Voice Recognition in the Courtroom

Perhaps the most famous use of voice recognition evidence in a criminal trial was in the trial of Bruno Richard Hauptmann, executed in 1936 for the kidnapping and murder of the infant son of the aviator Charles Lindbergh. The Lindbergh case was called the trial of the century, and one of the most dramatic moments in the trial was when Lindbergh himself took the stand. Describing the night of the ransom drop-off 3 years before the trial, Lindbergh spoke of hearing a voice from 100 yards away while he waited in his car for a friend to hand over the ransom. When Hauptmann was arrested 29 months later, Lindbergh was brought to the police station to listen to Hauptmann repeat the words of the kidnapper: “Hey doctor! Over here, over here.” Lindbergh testified under oath that he was certain that Hauptmann’s voice was the voice of the kidnapper. Experts still disagree over whether the jury reached the correct verdict in finding Hauptmann guilty.

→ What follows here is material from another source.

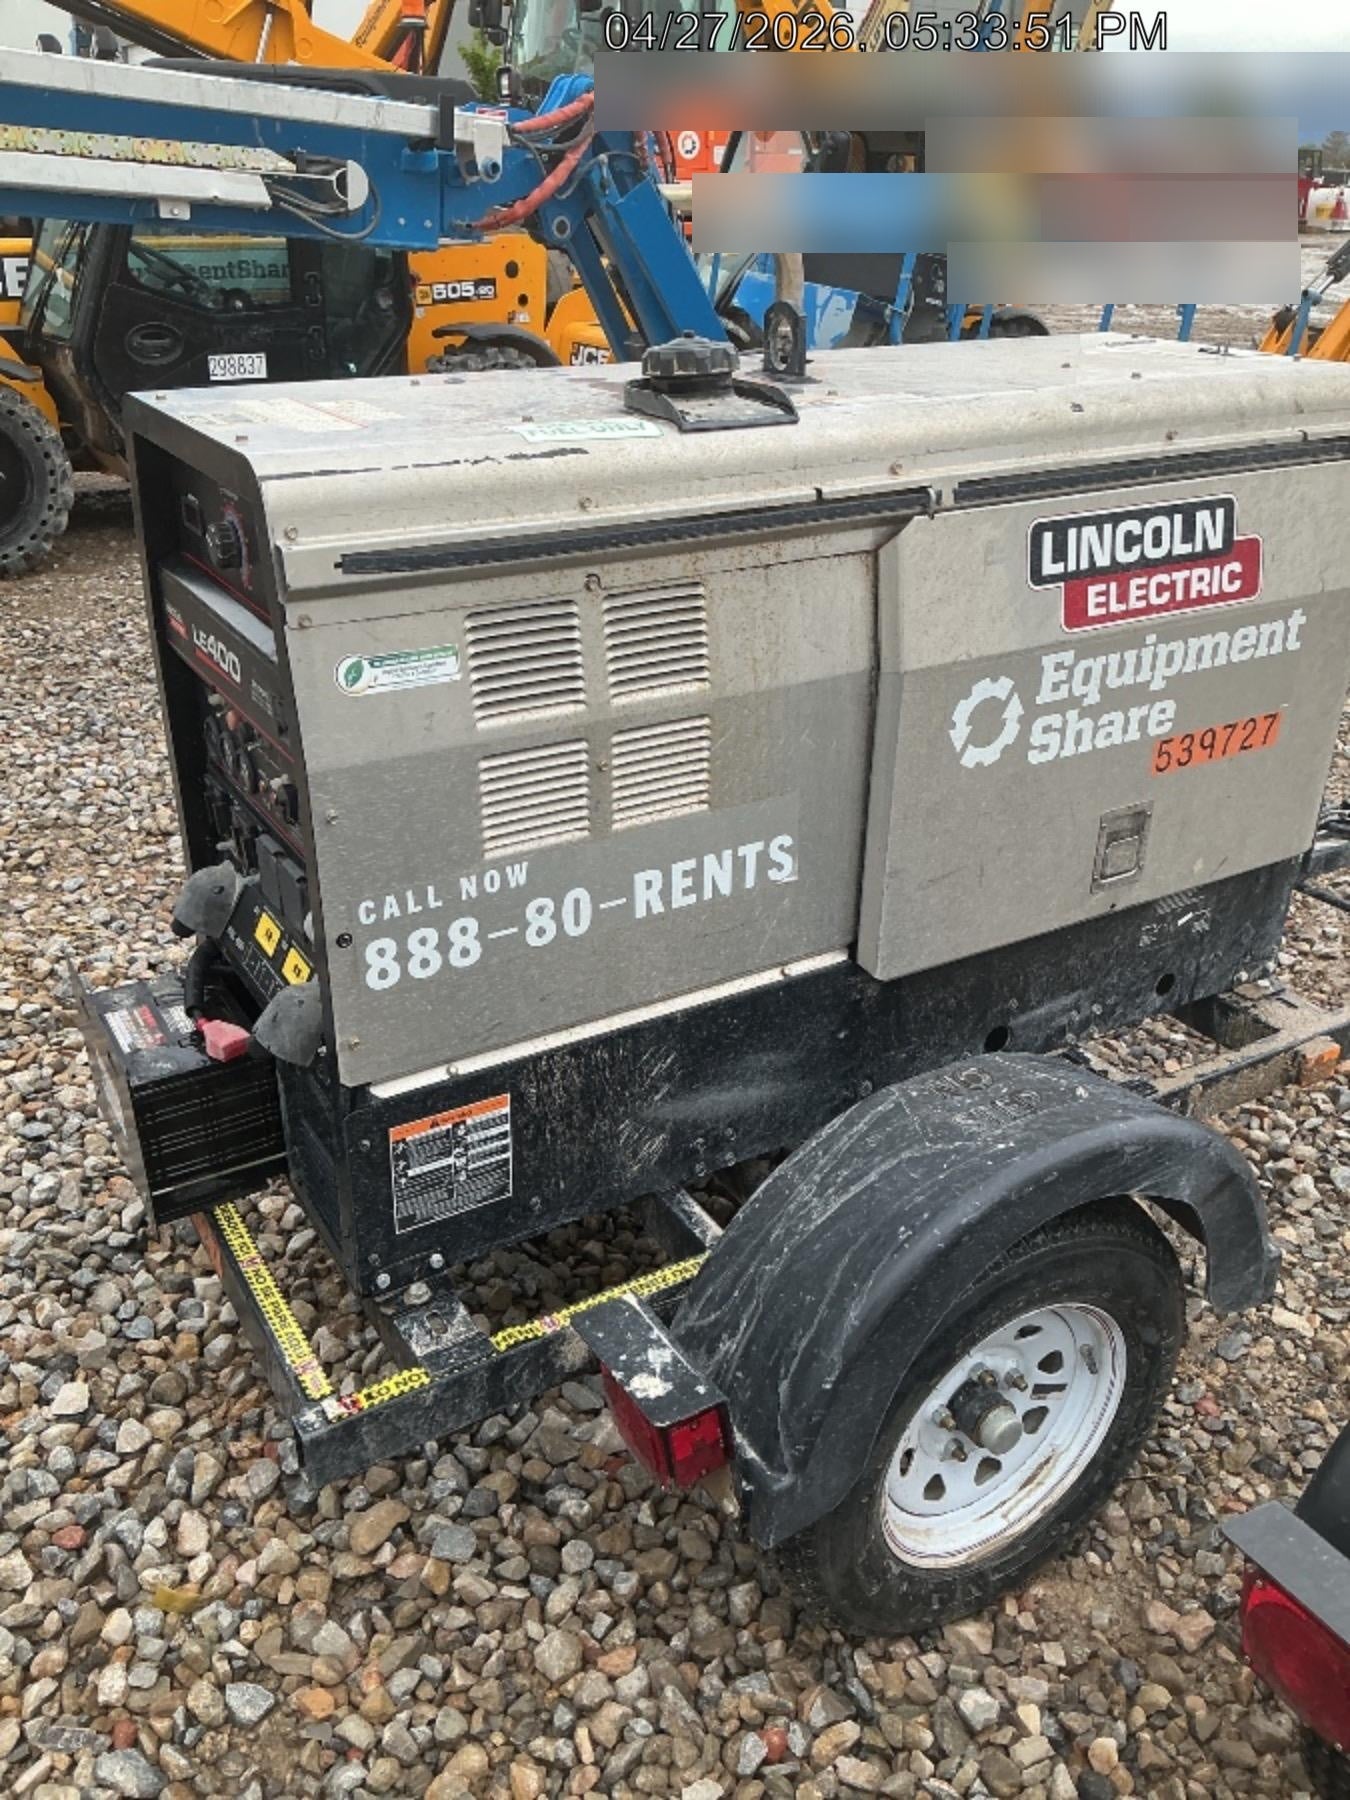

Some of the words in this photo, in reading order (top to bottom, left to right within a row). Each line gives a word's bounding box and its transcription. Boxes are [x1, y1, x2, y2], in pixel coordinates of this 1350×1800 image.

Voice identification has played a role in at least one well-publicized case of erroneous conviction in Canada. In October 1984, a 9-year-old girl named Christine Jessop disappeared from her home in Ontario and was found dead almost 3 months later. She had been stabbed to death, apparently shortly after her disappearance. The investigation quickly focused on a neighbor, Guy Paul Morin, who was arrested in April 1985. Although Morin had a strong alibi, he was brought to trial in 1986 and was initially acquitted. But in Canada, the prosecution can appeal an acquittal, and Morin was retried in 1991. The second trial lasted almost 9 months, and the second jury found Morin guilty.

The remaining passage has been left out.